── INPUT MATERIAL

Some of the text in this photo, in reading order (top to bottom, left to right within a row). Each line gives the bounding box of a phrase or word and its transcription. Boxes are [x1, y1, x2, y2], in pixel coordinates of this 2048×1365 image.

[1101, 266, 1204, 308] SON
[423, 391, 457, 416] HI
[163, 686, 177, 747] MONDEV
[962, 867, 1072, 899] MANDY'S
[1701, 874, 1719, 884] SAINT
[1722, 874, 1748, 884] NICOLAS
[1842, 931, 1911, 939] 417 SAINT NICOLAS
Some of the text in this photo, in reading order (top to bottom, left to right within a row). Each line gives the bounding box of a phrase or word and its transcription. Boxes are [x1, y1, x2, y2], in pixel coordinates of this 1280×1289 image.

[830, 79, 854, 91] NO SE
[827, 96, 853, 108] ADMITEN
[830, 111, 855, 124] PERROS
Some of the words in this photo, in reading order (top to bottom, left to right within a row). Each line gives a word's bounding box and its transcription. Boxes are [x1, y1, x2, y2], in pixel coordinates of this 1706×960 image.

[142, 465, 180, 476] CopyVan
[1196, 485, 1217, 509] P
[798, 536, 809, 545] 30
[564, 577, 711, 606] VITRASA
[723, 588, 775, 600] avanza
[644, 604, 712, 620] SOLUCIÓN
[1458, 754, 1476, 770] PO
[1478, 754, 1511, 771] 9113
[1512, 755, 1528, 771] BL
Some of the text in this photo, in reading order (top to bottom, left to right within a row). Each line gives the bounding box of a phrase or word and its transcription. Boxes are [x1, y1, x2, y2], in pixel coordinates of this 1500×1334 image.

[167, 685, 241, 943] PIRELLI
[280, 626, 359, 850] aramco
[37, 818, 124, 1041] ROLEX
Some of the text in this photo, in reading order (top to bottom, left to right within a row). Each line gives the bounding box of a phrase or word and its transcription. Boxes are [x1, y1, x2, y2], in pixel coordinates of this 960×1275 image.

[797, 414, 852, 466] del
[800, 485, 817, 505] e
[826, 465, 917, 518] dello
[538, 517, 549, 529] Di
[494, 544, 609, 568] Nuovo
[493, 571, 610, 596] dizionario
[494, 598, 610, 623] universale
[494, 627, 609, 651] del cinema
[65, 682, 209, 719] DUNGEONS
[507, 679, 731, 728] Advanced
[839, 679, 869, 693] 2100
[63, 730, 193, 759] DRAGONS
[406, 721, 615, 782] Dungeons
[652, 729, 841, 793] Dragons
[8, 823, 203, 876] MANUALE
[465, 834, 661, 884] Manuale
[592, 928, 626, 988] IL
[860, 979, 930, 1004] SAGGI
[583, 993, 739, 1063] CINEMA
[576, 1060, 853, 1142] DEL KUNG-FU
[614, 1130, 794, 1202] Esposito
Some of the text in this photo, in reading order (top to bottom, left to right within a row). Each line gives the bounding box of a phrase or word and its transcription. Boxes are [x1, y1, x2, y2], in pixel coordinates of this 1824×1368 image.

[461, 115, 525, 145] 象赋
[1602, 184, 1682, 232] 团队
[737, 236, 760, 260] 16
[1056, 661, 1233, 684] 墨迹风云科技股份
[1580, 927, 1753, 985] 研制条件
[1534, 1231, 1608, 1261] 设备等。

────

Could the entries above be output once more, exactly as they are?

EXPECTED ANSWER:
Some of the text in this photo, in reading order (top to bottom, left to right within a row). Each line gives the bounding box of a phrase or word and its transcription. Boxes are [x1, y1, x2, y2], in pixel coordinates of this 2048×1365 image.

[1101, 266, 1204, 308] SON
[423, 391, 457, 416] HI
[163, 686, 177, 747] MONDEV
[962, 867, 1072, 899] MANDY'S
[1701, 874, 1719, 884] SAINT
[1722, 874, 1748, 884] NICOLAS
[1842, 931, 1911, 939] 417 SAINT NICOLAS
Some of the text in this photo, in reading order (top to bottom, left to right within a row). Each line gives the bounding box of a phrase or word and its transcription. Boxes are [x1, y1, x2, y2], in pixel coordinates of this 1280×1289 image.

[830, 79, 854, 91] NO SE
[827, 96, 853, 108] ADMITEN
[830, 111, 855, 124] PERROS
Some of the words in this photo, in reading order (top to bottom, left to right within a row). Each line gives a word's bounding box and its transcription. Boxes are [x1, y1, x2, y2], in pixel coordinates of this 1706×960 image.

[142, 465, 180, 476] CopyVan
[1196, 485, 1217, 509] P
[798, 536, 809, 545] 30
[564, 577, 711, 606] VITRASA
[723, 588, 775, 600] avanza
[644, 604, 712, 620] SOLUCIÓN
[1458, 754, 1476, 770] PO
[1478, 754, 1511, 771] 9113
[1512, 755, 1528, 771] BL
Some of the text in this photo, in reading order (top to bottom, left to right within a row). Each line gives the bounding box of a phrase or word and its transcription. Boxes are [x1, y1, x2, y2], in pixel coordinates of this 1500×1334 image.

[167, 685, 241, 943] PIRELLI
[280, 626, 359, 850] aramco
[37, 818, 124, 1041] ROLEX
Some of the text in this photo, in reading order (top to bottom, left to right within a row). Each line gives the bounding box of a phrase or word and its transcription. Boxes are [x1, y1, x2, y2], in pixel coordinates of this 960×1275 image.

[797, 414, 852, 466] del
[800, 485, 817, 505] e
[826, 465, 917, 518] dello
[538, 517, 549, 529] Di
[494, 544, 609, 568] Nuovo
[493, 571, 610, 596] dizionario
[494, 598, 610, 623] universale
[494, 627, 609, 651] del cinema
[65, 682, 209, 719] DUNGEONS
[507, 679, 731, 728] Advanced
[839, 679, 869, 693] 2100
[63, 730, 193, 759] DRAGONS
[406, 721, 615, 782] Dungeons
[652, 729, 841, 793] Dragons
[8, 823, 203, 876] MANUALE
[465, 834, 661, 884] Manuale
[592, 928, 626, 988] IL
[860, 979, 930, 1004] SAGGI
[583, 993, 739, 1063] CINEMA
[576, 1060, 853, 1142] DEL KUNG-FU
[614, 1130, 794, 1202] Esposito
Some of the text in this photo, in reading order (top to bottom, left to right within a row). Each line gives the bounding box of a phrase or word and its transcription. Boxes are [x1, y1, x2, y2], in pixel coordinates of this 1824×1368 image.

[461, 115, 525, 145] 象赋
[1602, 184, 1682, 232] 团队
[737, 236, 760, 260] 16
[1056, 661, 1233, 684] 墨迹风云科技股份
[1580, 927, 1753, 985] 研制条件
[1534, 1231, 1608, 1261] 设备等。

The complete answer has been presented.